TASK DESCRIPTION: Copy out all of the lines below exactly; the pictures do not belong in the copy.

STUDY MATERIAL:
▼

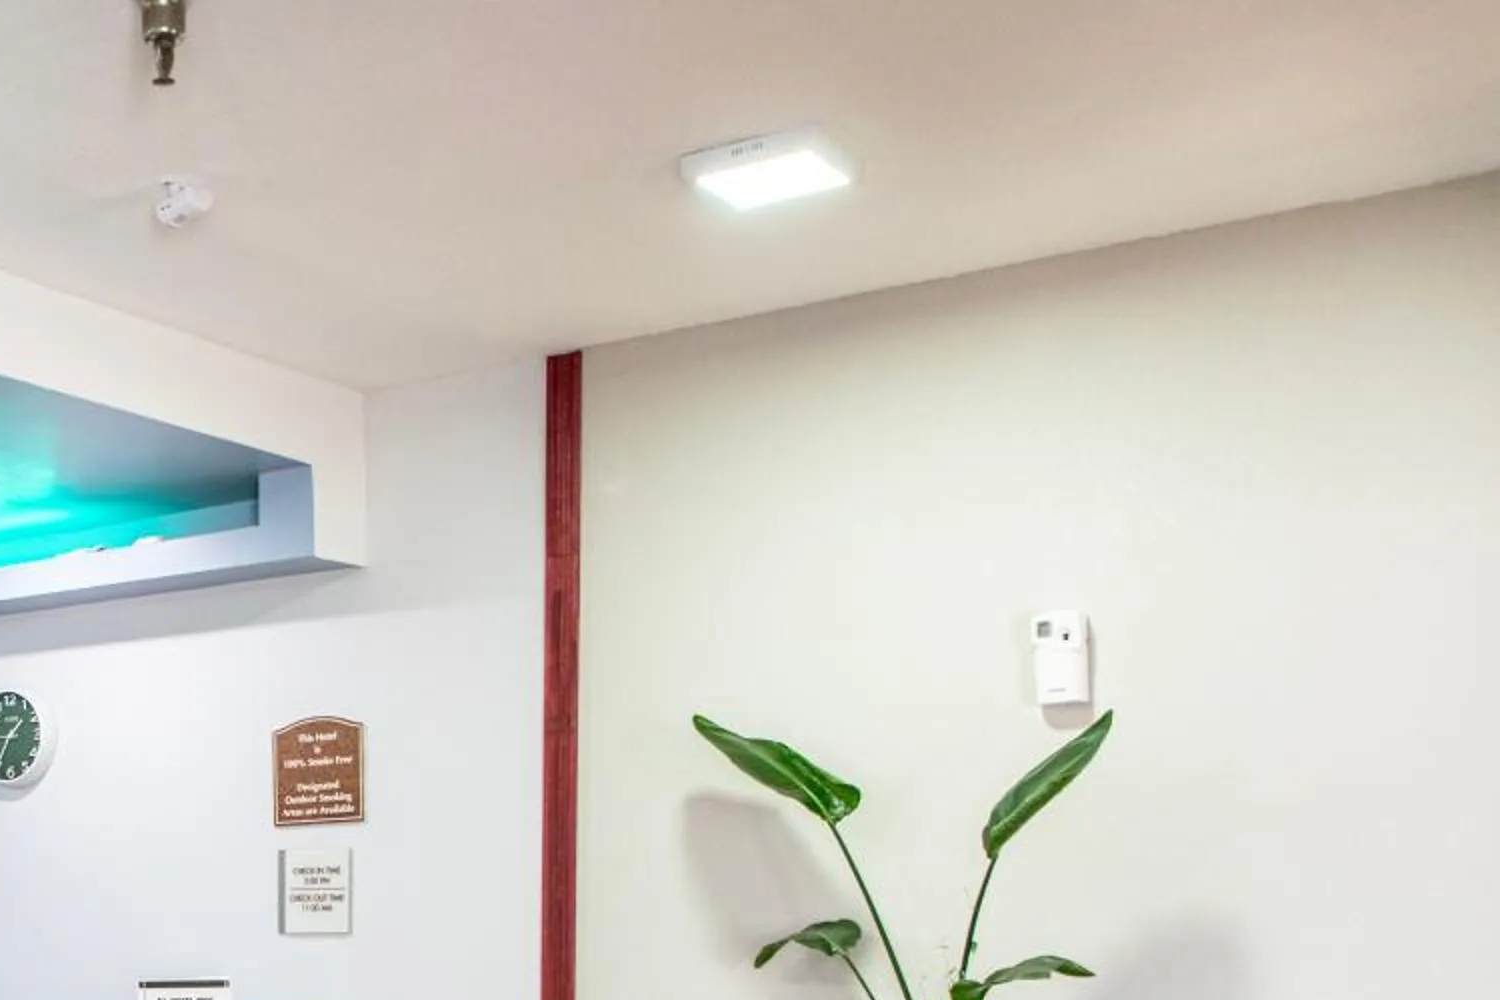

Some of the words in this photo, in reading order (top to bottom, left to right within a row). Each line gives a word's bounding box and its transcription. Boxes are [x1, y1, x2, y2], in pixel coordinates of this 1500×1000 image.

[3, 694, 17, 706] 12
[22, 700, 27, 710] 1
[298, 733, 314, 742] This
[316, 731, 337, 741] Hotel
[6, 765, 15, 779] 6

▲

RESULT FOR THIS TASK:
Some of the words in this photo, in reading order (top to bottom, left to right within a row). Each line gives a word's bounding box and its transcription. Boxes are [x1, y1, x2, y2], in pixel coordinates of this 1500×1000 image.

[3, 694, 17, 706] 12
[22, 700, 27, 710] 1
[298, 733, 314, 742] This
[316, 731, 337, 741] Hotel
[6, 765, 15, 779] 6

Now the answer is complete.